**Problem to solve**
Could you retype the lines below, starting at the line holding "this 1920×1080 image." and stopping at the line holding "this 1800×1200 image.", inclusive? Copy them exactly and drop the images.

**Input records**
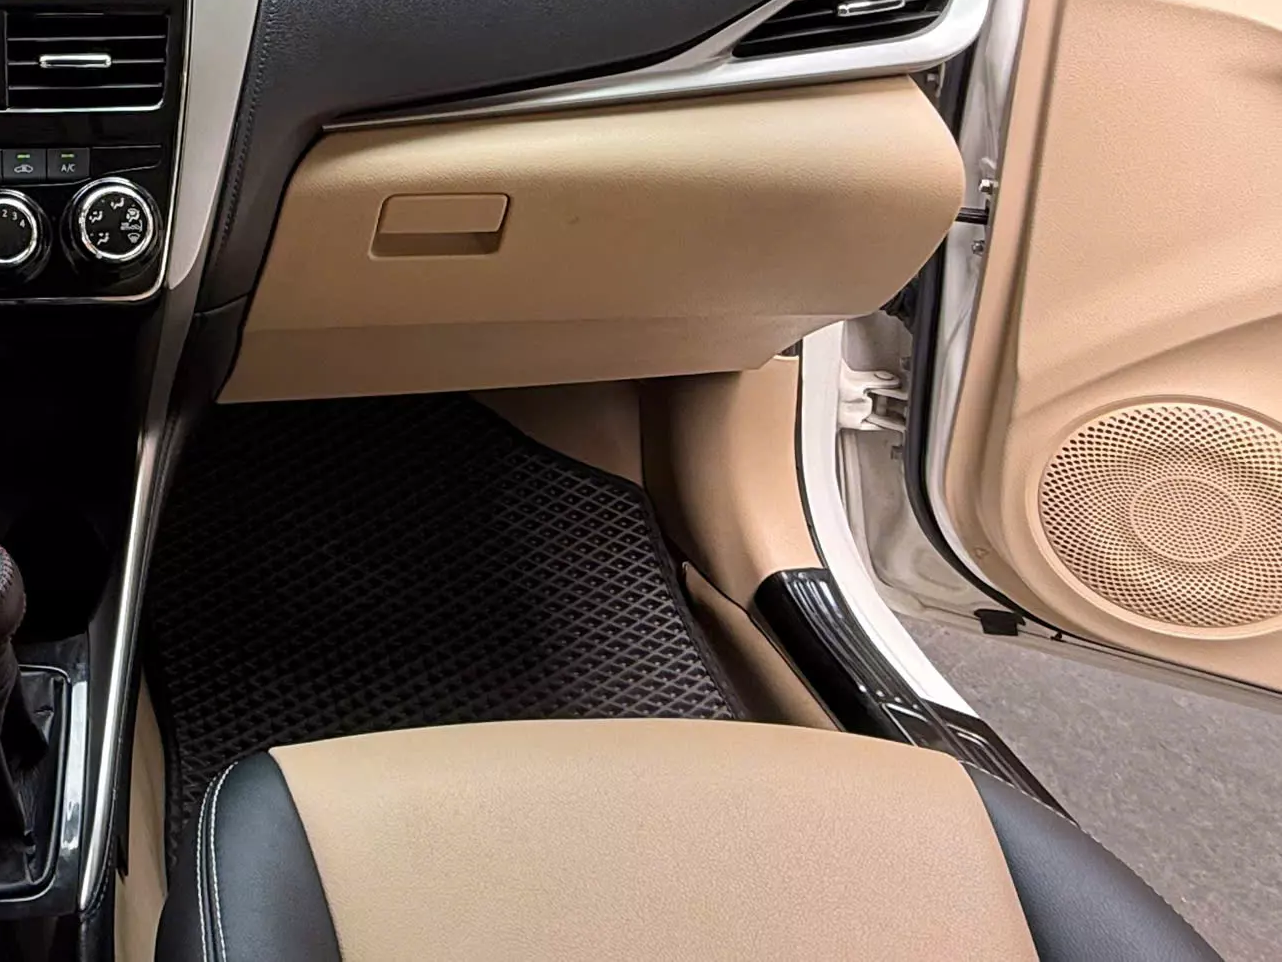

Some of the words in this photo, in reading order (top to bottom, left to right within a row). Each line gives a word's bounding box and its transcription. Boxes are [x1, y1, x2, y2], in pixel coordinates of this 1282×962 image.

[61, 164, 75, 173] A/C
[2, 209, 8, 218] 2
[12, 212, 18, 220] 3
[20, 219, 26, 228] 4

---

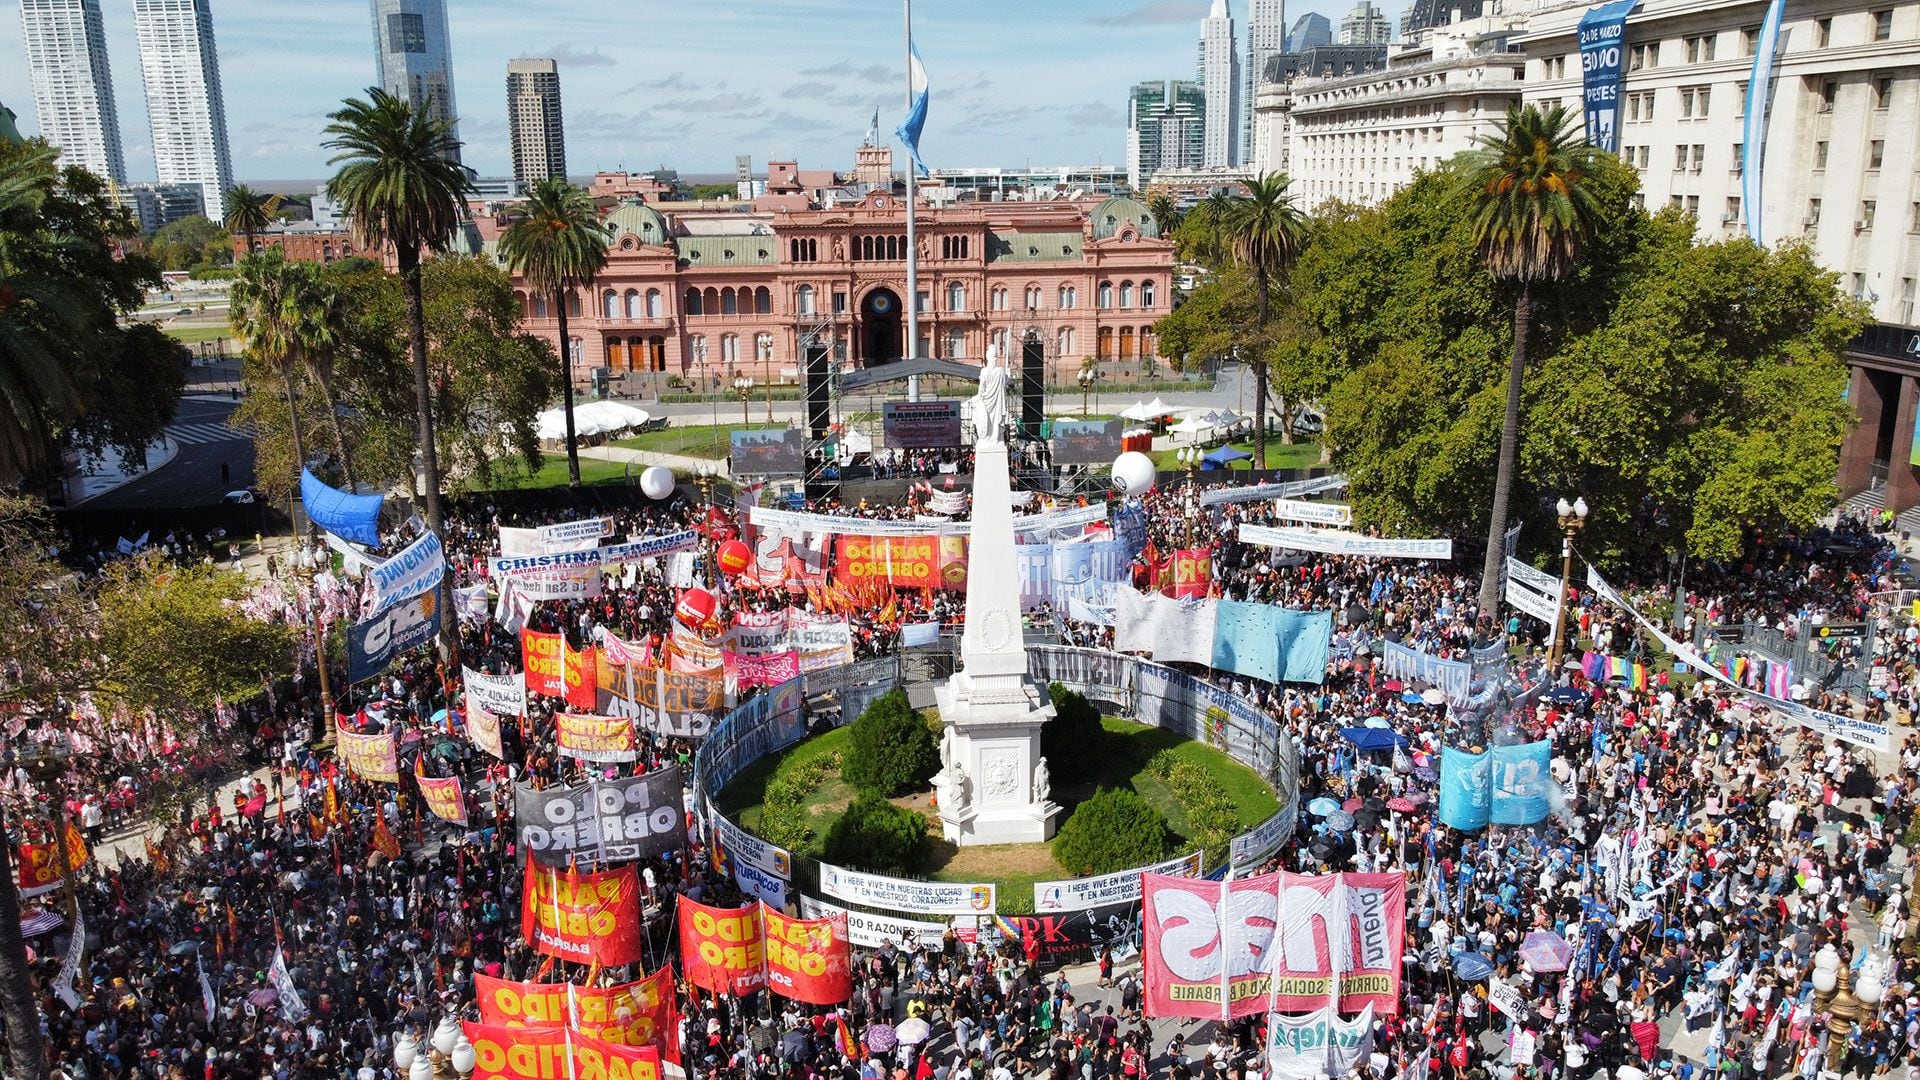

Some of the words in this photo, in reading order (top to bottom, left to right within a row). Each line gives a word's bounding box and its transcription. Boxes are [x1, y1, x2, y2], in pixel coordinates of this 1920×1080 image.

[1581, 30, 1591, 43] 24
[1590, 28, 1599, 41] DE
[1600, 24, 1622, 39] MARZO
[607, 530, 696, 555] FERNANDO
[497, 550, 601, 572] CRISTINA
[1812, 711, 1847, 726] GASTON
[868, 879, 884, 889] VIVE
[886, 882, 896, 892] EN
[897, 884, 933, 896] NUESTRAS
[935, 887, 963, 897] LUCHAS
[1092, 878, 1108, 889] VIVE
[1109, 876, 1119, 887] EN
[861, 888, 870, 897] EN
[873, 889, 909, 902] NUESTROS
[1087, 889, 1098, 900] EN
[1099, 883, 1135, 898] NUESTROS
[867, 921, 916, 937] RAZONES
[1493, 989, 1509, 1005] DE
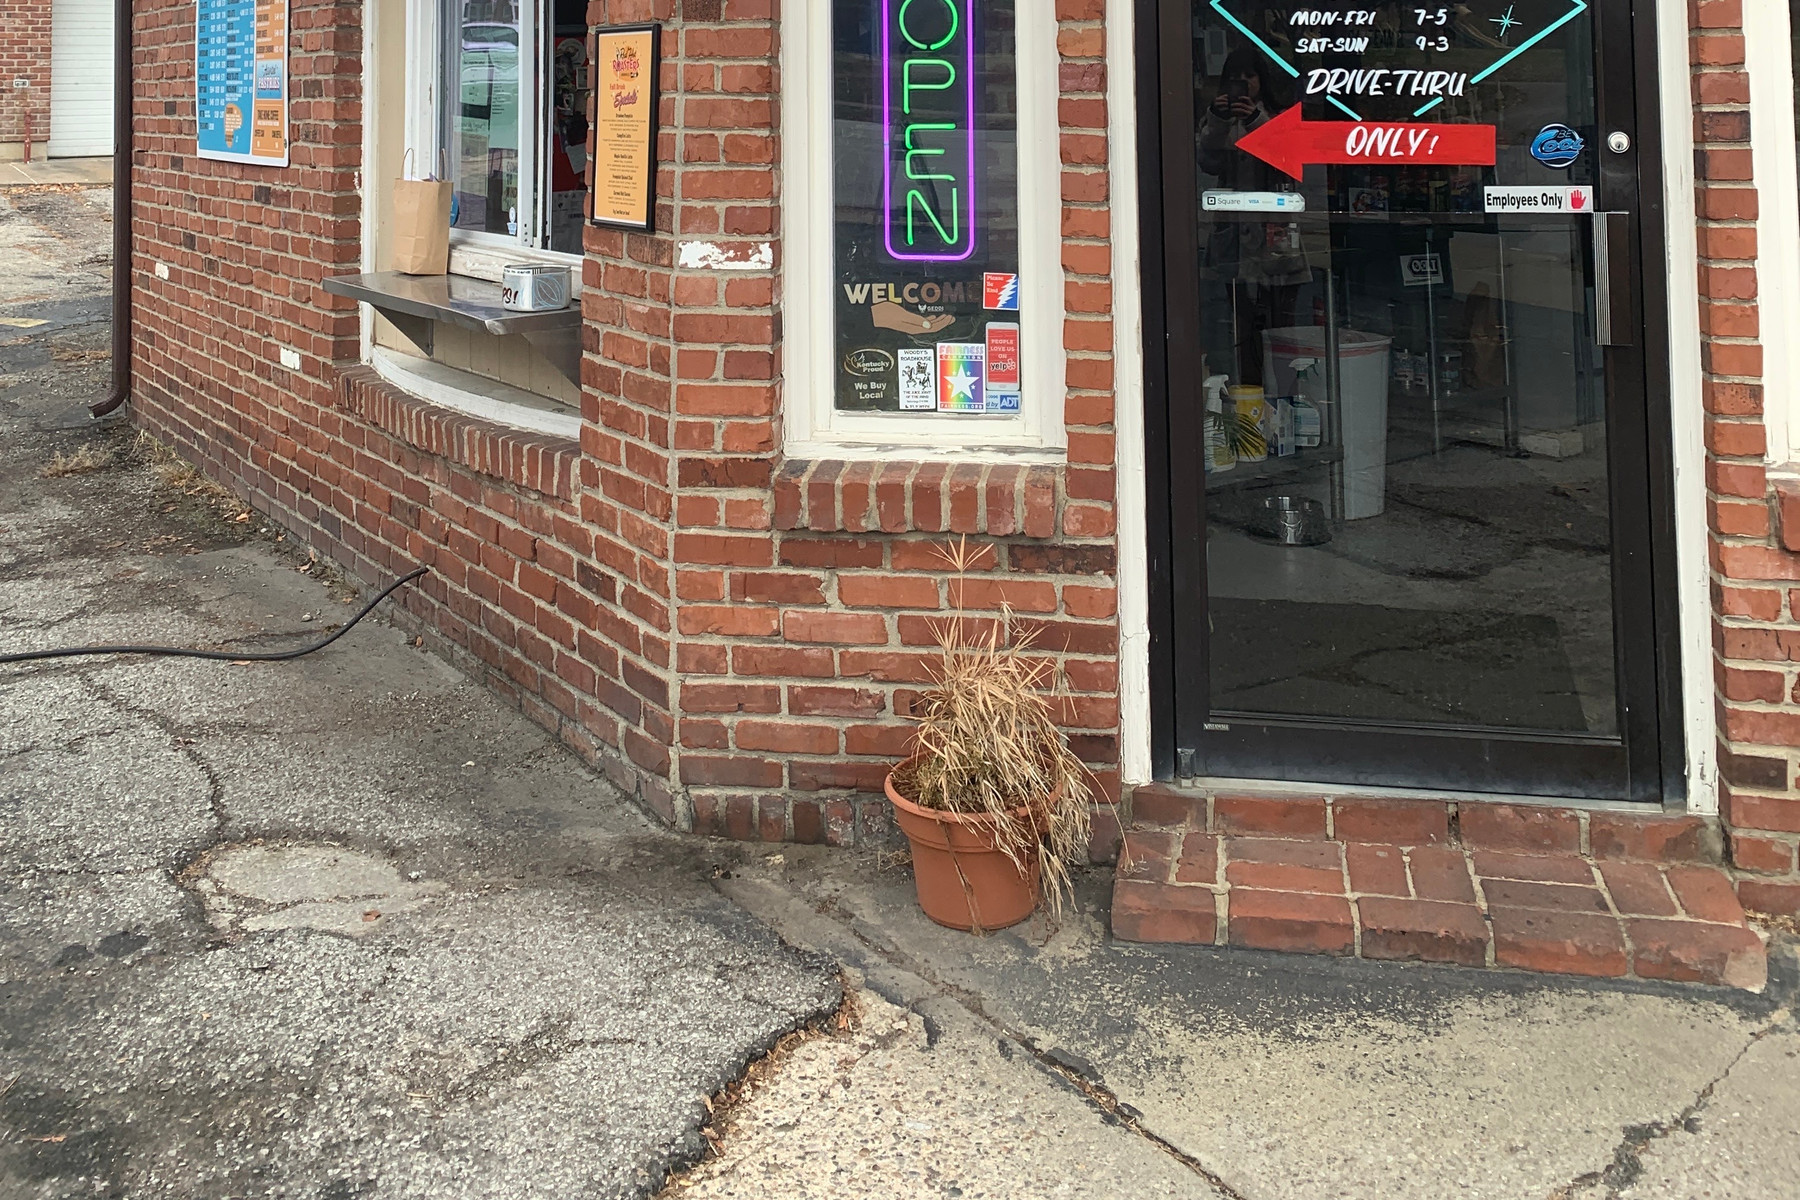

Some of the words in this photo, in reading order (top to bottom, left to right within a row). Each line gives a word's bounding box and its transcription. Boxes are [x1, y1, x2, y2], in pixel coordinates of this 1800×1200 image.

* * *

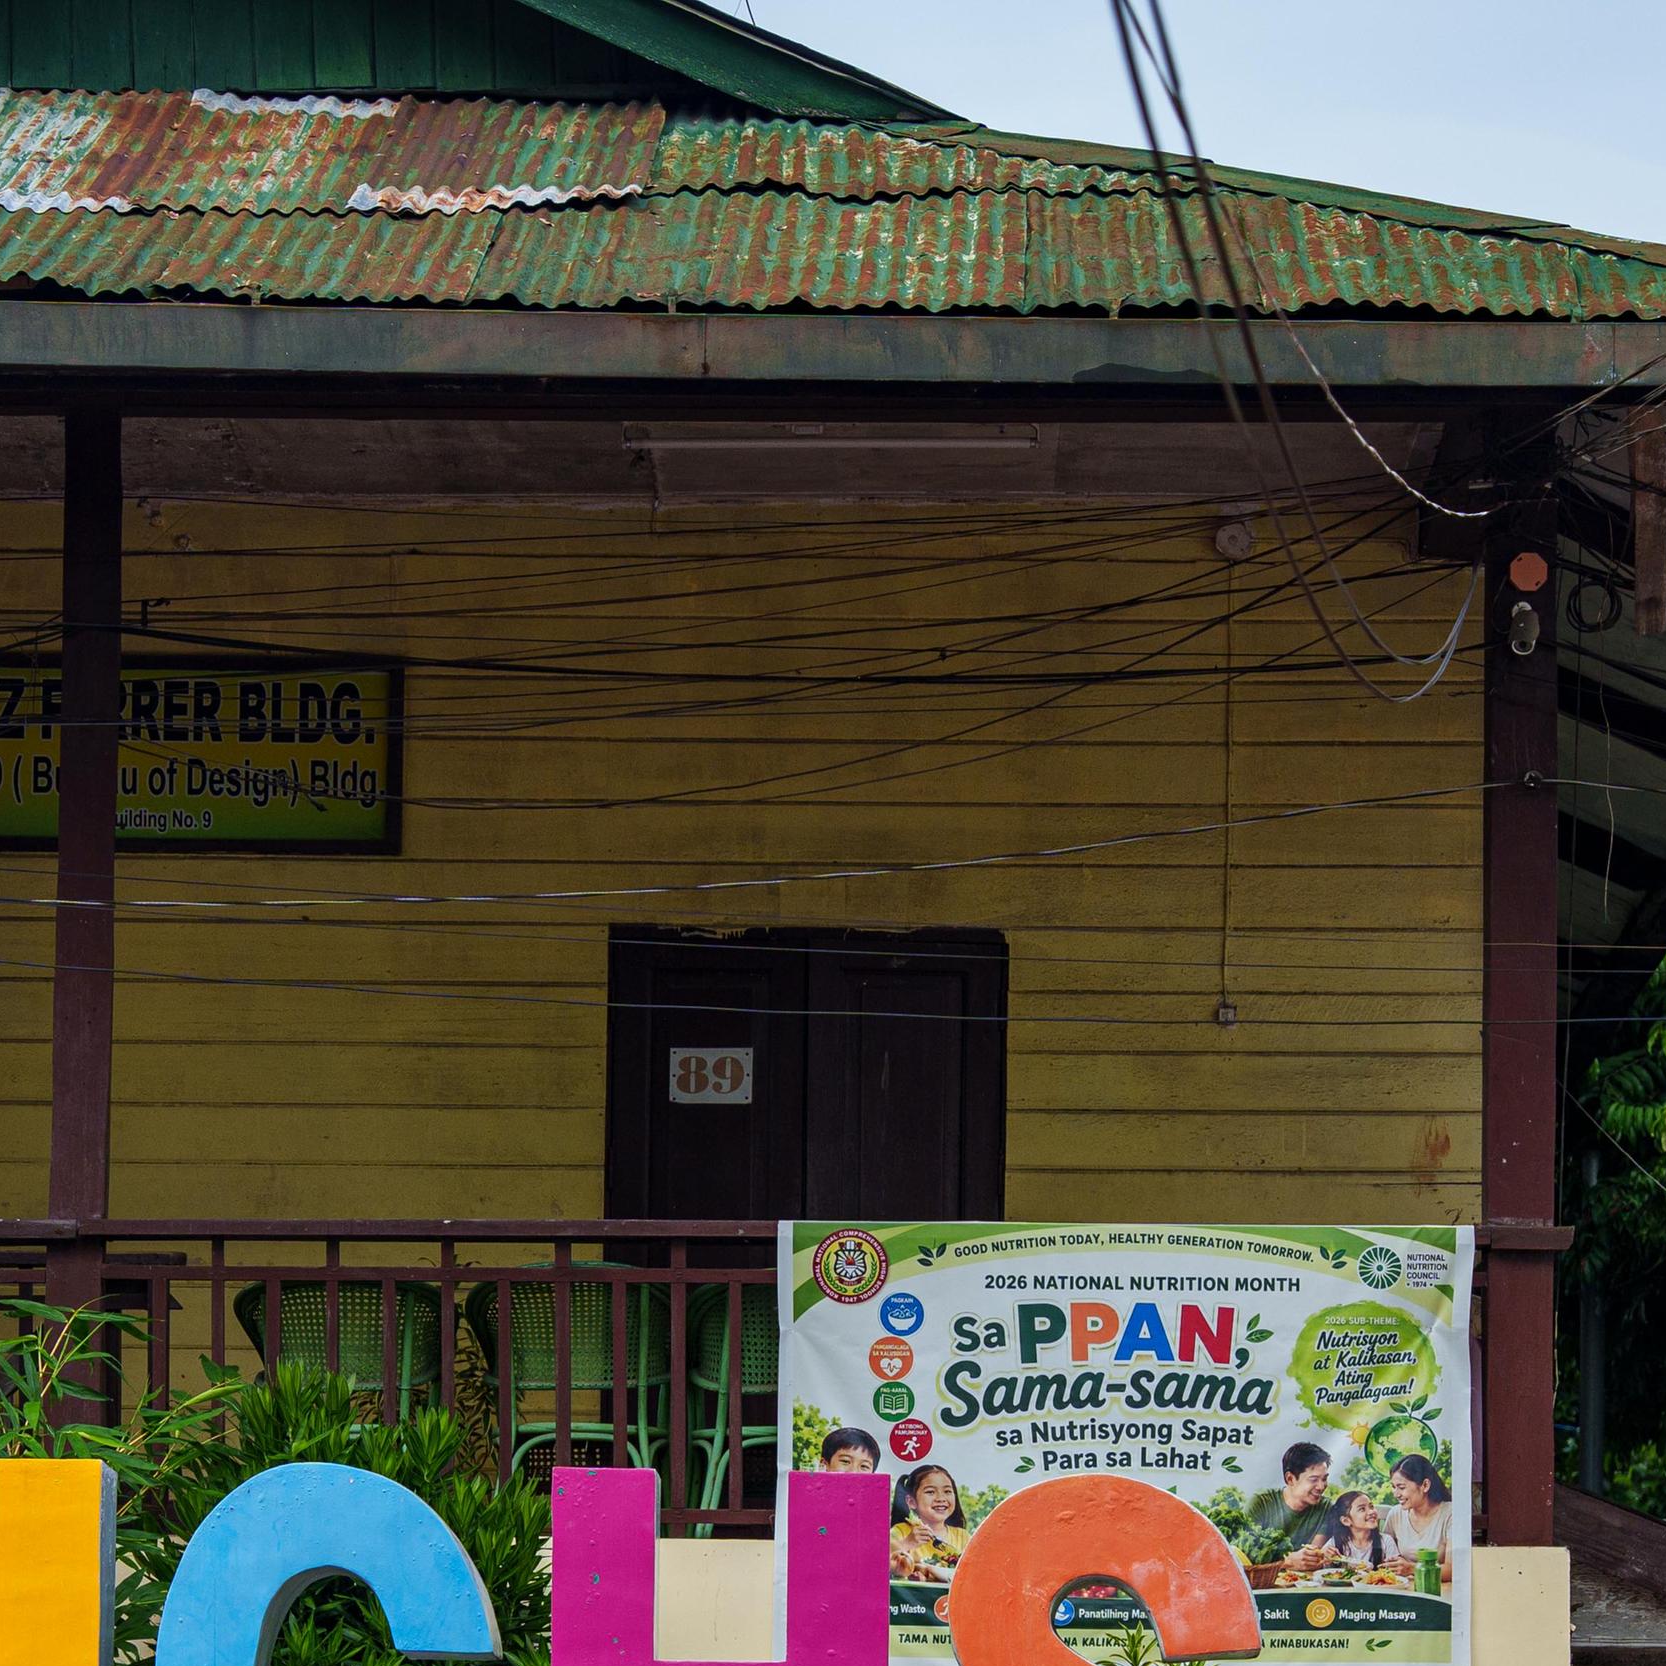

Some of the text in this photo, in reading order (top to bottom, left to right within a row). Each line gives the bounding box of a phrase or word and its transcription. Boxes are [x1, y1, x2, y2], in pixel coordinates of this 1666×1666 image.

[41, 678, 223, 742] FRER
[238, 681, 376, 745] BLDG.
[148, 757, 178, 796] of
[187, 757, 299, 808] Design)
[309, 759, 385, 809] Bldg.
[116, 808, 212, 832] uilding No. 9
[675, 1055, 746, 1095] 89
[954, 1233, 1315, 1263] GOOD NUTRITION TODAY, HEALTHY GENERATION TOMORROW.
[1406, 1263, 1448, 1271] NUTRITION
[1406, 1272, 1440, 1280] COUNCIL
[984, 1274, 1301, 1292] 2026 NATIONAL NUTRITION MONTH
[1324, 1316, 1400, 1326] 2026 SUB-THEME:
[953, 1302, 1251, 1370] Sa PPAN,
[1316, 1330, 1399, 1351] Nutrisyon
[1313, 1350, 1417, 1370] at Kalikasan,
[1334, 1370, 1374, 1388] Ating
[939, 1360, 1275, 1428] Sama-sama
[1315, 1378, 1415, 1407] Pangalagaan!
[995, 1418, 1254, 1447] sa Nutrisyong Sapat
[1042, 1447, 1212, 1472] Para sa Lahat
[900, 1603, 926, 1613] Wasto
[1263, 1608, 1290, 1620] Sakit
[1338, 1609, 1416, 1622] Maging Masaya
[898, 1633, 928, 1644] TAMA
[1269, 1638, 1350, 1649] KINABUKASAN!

**Answer to this task**
Some of the words in this photo, in reading order (top to bottom, left to right within a row). Each line gives a word's bounding box and its transcription. Boxes are [x1, y1, x2, y2], in pixel coordinates of this 1920×1080 image.

[1581, 30, 1591, 43] 24
[1590, 28, 1599, 41] DE
[1600, 24, 1622, 39] MARZO
[607, 530, 696, 555] FERNANDO
[497, 550, 601, 572] CRISTINA
[1812, 711, 1847, 726] GASTON
[868, 879, 884, 889] VIVE
[886, 882, 896, 892] EN
[897, 884, 933, 896] NUESTRAS
[935, 887, 963, 897] LUCHAS
[1092, 878, 1108, 889] VIVE
[1109, 876, 1119, 887] EN
[861, 888, 870, 897] EN
[873, 889, 909, 902] NUESTROS
[1087, 889, 1098, 900] EN
[1099, 883, 1135, 898] NUESTROS
[867, 921, 916, 937] RAZONES
[1493, 989, 1509, 1005] DE

Some of the words in this photo, in reading order (top to bottom, left to right within a row). Each line gives a word's bounding box and its transcription. Boxes are [x1, y1, x2, y2], in pixel coordinates of this 1800×1200 image.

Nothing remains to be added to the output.